Recently I am analyzing microarray data and I want to know which pathways are significantly altered. I am using KOBAS now,which is based on KEGG. Are there some other tools that can identify altered pathways based on statistics?
The relevance of complex statistical algorithms for pathway statistics is often overestimated. There are many biological and technological reasons why pathway statistics can never be perfect. As a result it should always be used to get an impression of the relevant pathways which should then be visually inspected or analyzed using different tools.
Just some of those reasons...
The input data (often gene expression data) themselves are often not trustworthy.
The importance of a single gene product in a pathway can differ. It can be an important hub or something in a subbranch.
Along the same line for two consecutive reactions the first could be catalyzed by one enzyme and the second by four. The single enzyme probably is important, but you just don't know about each of the four individually.

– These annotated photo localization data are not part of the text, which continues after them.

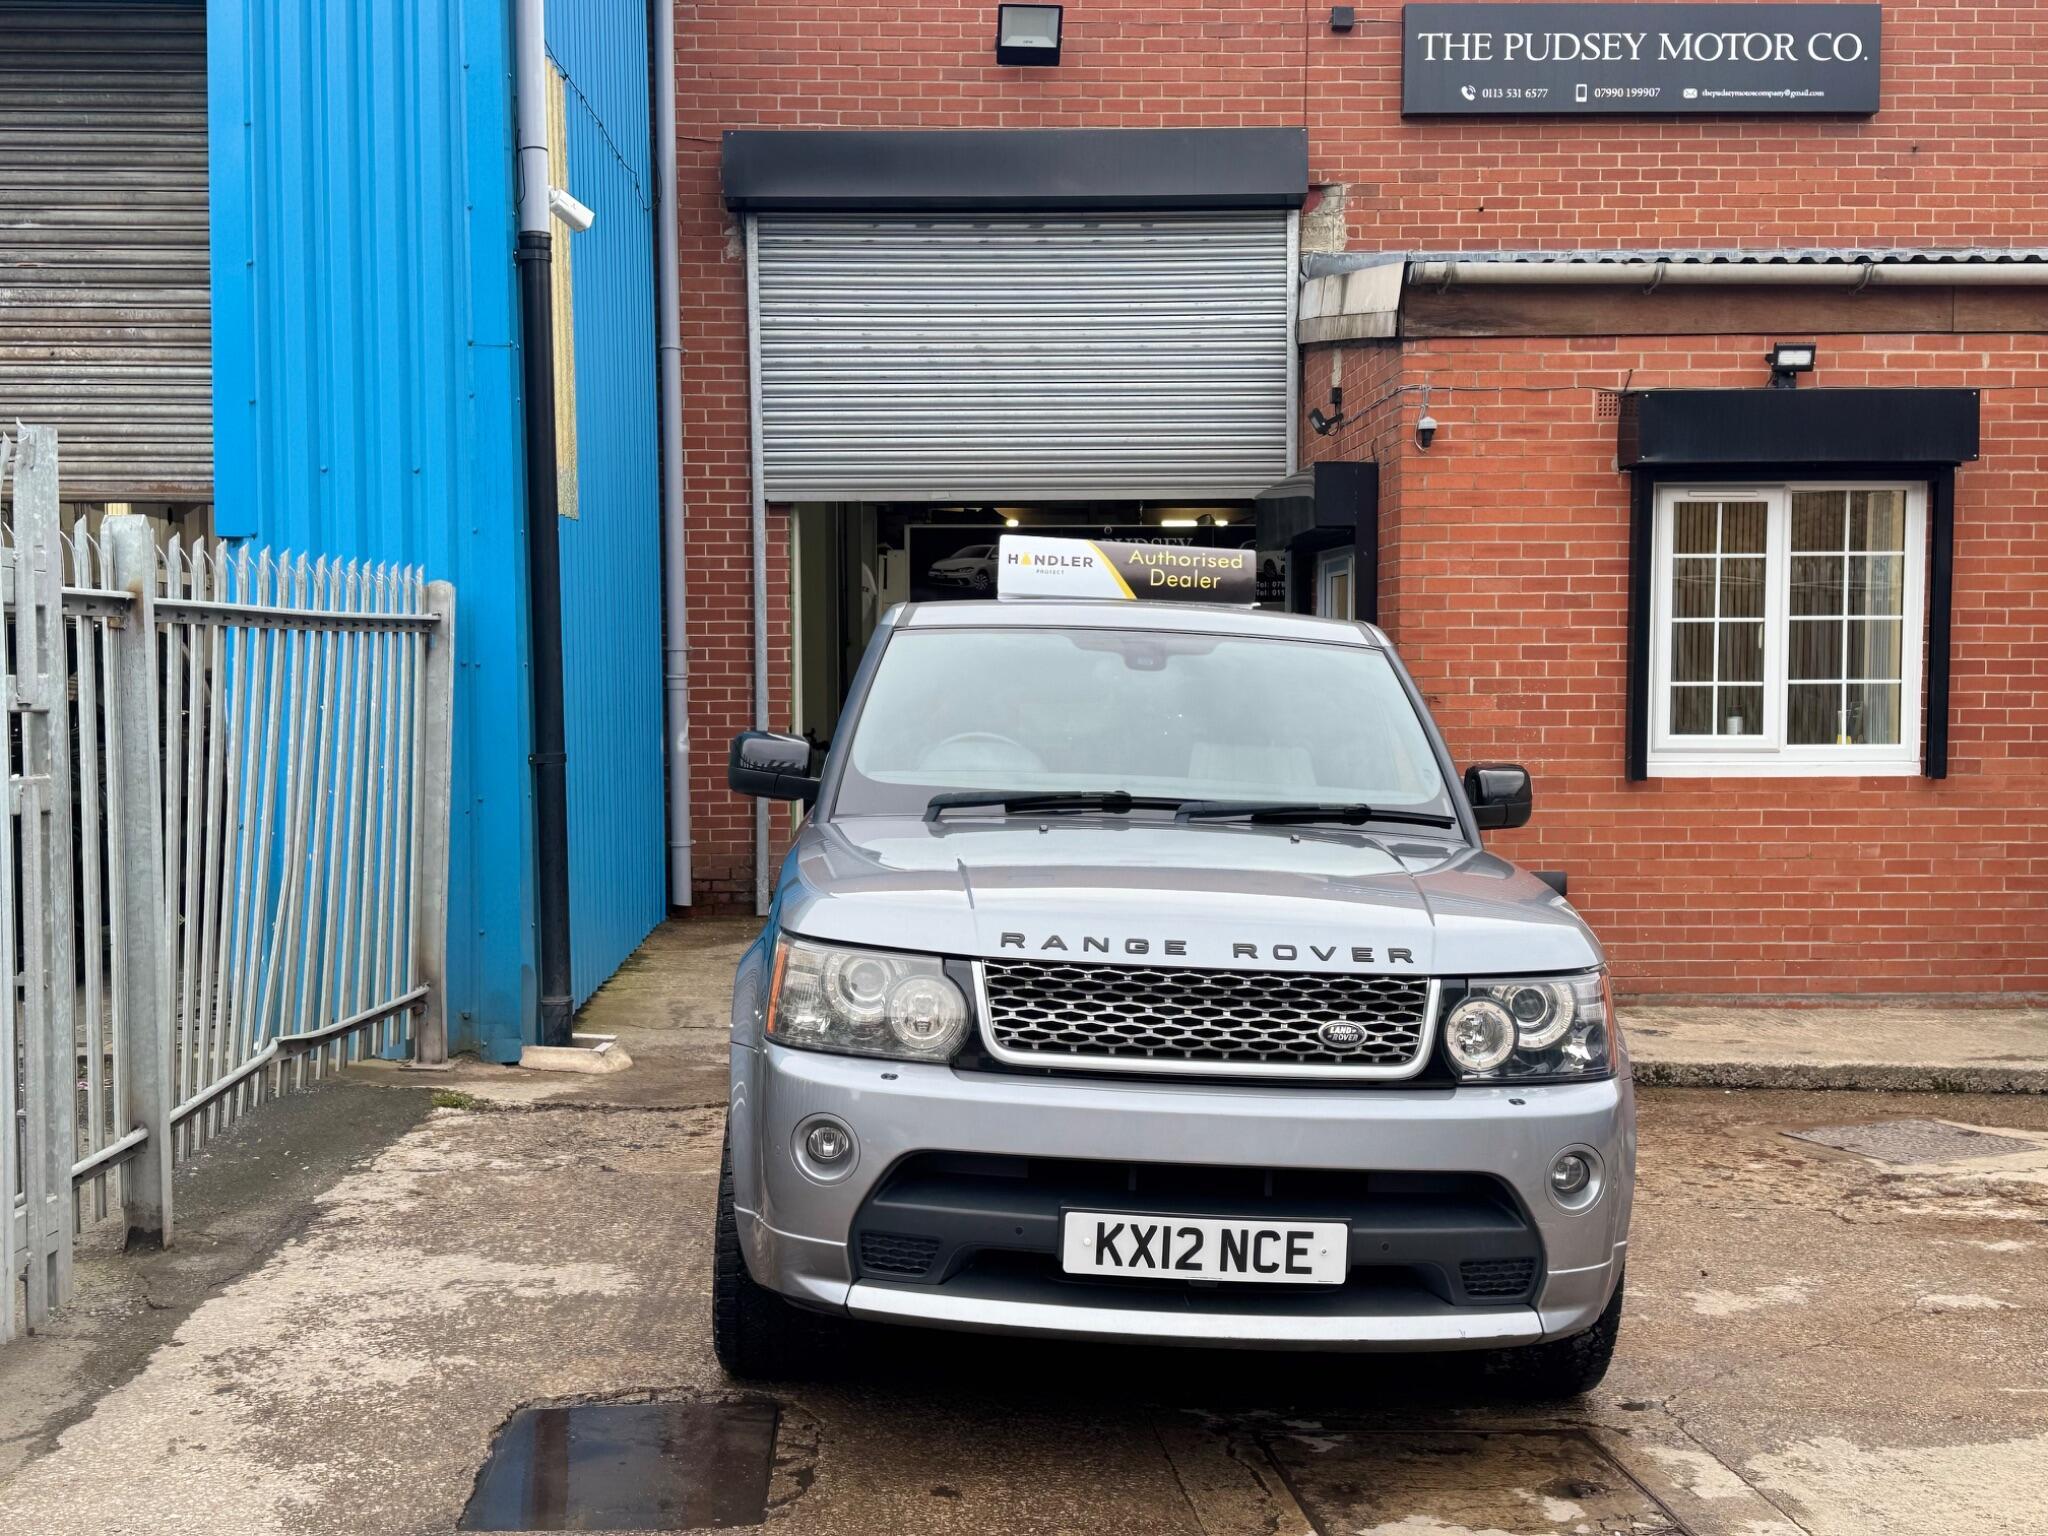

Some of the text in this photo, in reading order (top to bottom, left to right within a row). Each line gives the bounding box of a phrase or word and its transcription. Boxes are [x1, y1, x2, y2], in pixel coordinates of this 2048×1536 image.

[1417, 32, 1869, 62] THE PUDSEY MOTOR CO.
[1481, 87, 1549, 99] 0113 531 6577
[1593, 87, 1661, 99] 07990 199907
[1007, 552, 1094, 568] HANDLER
[1129, 549, 1243, 570] Authorised
[1150, 568, 1222, 590] Dealer
[1000, 932, 1414, 964] RANGE ROVER
[1330, 1026, 1351, 1034] LAND
[1332, 1033, 1358, 1041] ROVER
[1095, 1221, 1314, 1275] KX12 NCE

Pathways can contain parts that are not really relevant to the question studied (you could say that part is not relevant to your question), now adding an irrelevant part where no changes occur will lower the statistical significance, while it does not affect the biological meaning at all.

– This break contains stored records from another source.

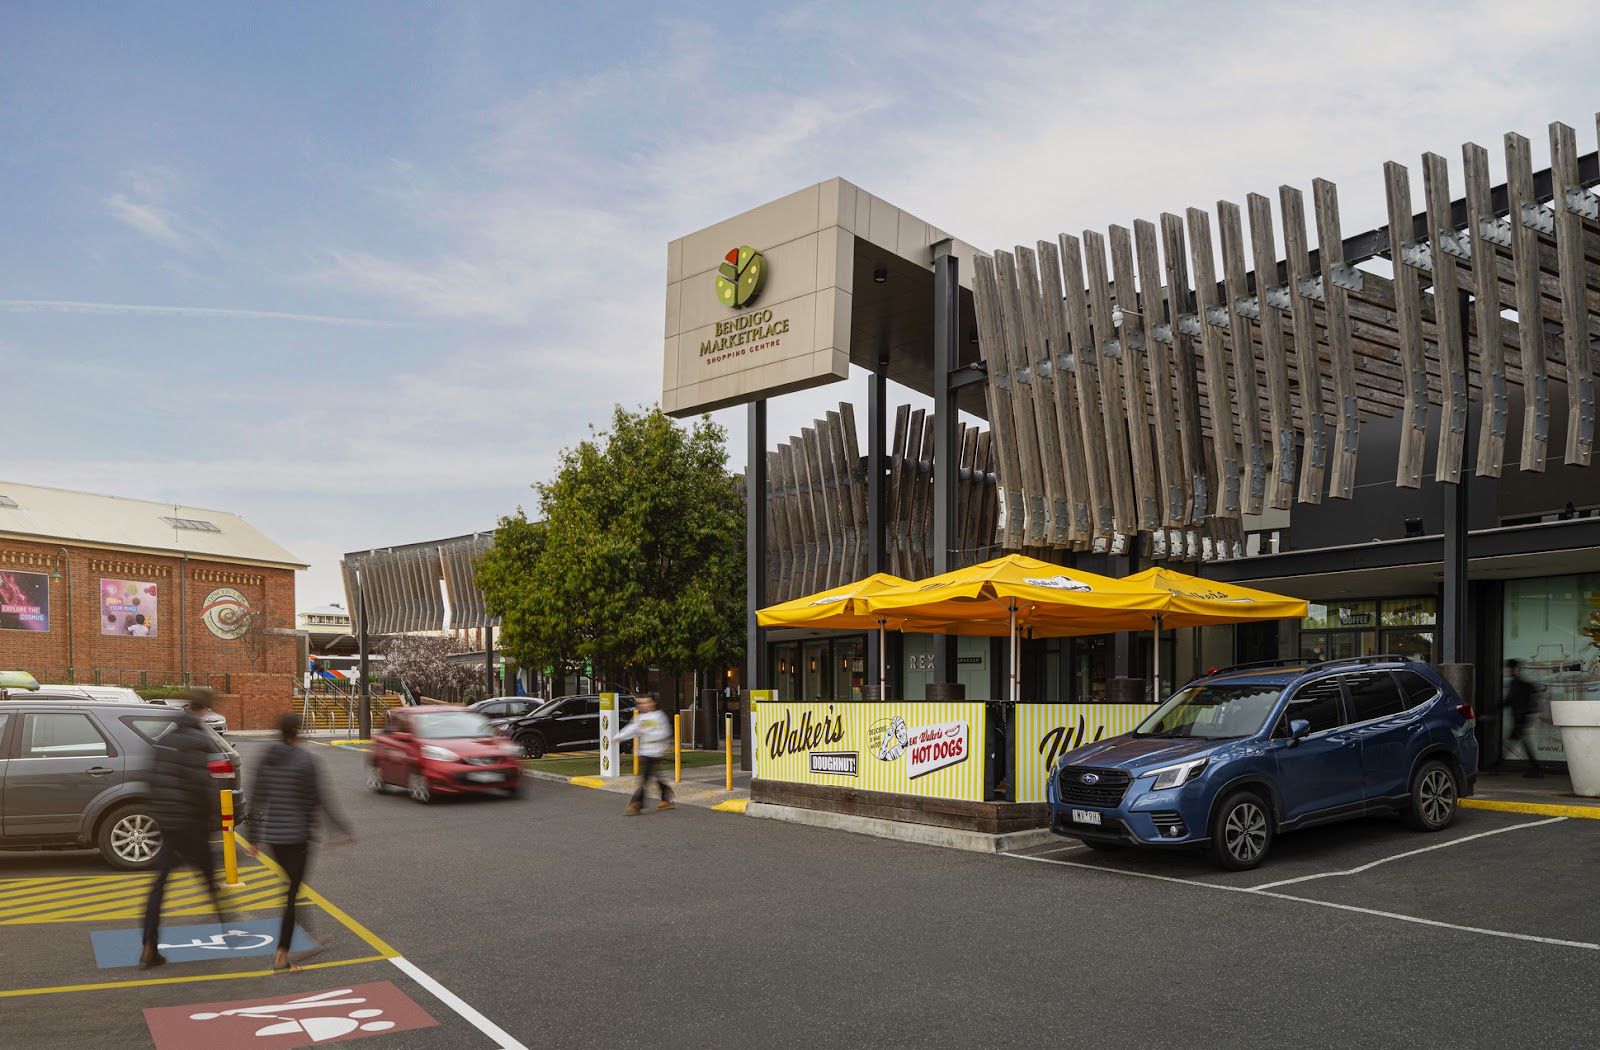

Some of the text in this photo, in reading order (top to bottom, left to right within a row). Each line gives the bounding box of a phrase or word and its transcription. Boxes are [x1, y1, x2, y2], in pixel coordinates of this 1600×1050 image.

[715, 309, 773, 337] BENDIGO
[699, 319, 789, 356] MARKETPLACE
[706, 339, 781, 365] SHOPPING CENTRE
[207, 589, 246, 604] DISCOVERY
[20, 613, 43, 621] COSMOS
[1342, 615, 1368, 625] COFFEE
[909, 654, 935, 669] REX
[765, 704, 845, 760] Walker's
[869, 725, 887, 736] DELICIOUS
[909, 736, 918, 747] EAT
[911, 737, 963, 765] HOT DOGS

On the other hand significant changes in pathways can occur in parts that are not really meaningful for the question studied. So you would list the pathway as being changed but the core process itself is not really affected.

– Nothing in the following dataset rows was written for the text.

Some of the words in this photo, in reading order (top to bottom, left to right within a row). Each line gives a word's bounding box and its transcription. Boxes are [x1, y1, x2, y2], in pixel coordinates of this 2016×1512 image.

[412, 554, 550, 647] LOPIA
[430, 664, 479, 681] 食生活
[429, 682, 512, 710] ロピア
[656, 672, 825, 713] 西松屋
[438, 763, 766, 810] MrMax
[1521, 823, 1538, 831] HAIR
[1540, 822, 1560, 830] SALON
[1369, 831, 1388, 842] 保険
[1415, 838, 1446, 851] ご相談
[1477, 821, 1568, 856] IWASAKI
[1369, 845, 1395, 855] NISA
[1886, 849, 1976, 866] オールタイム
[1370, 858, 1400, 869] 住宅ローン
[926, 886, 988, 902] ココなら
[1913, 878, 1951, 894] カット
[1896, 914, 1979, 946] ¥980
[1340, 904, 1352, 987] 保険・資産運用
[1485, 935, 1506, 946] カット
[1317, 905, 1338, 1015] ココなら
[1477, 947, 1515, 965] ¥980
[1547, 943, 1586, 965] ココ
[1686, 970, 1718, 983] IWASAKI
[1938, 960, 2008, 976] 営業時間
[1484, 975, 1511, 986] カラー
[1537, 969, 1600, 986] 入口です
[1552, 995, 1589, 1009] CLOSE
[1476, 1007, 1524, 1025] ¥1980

That being said PathVisio has plugins that allow Z-score based pathway statistics and another plugin that does gene set enichment analysis is currently being tested. See: http://www.pathvisio.org/wiki/PluginDocumentation . The core advantage is that you can use whichever pathway set you prefer (WikiPathways, KEGG or your own set of tables transformed into pathways) and can immediately look at a data representation in the pathways that occur at the top of the list.
Many people have used Gene Set Enrichment Analysis, developed at the Broad, for this problem. The algorithm is wrapped in a very slick java application. In essence, quoting the overview, it's "a computational method that determines whether an a priori defined set of genes shows statistically significant, concordant differences between two biological states
(e.g. phenotypes)." There are large libraries of pathway-associated genes to choose from. GSEA operates off of your normalized microarray data, as opposed to lists of genes. It's most convenient if you are using one of the mainstream commercial microarray platforms.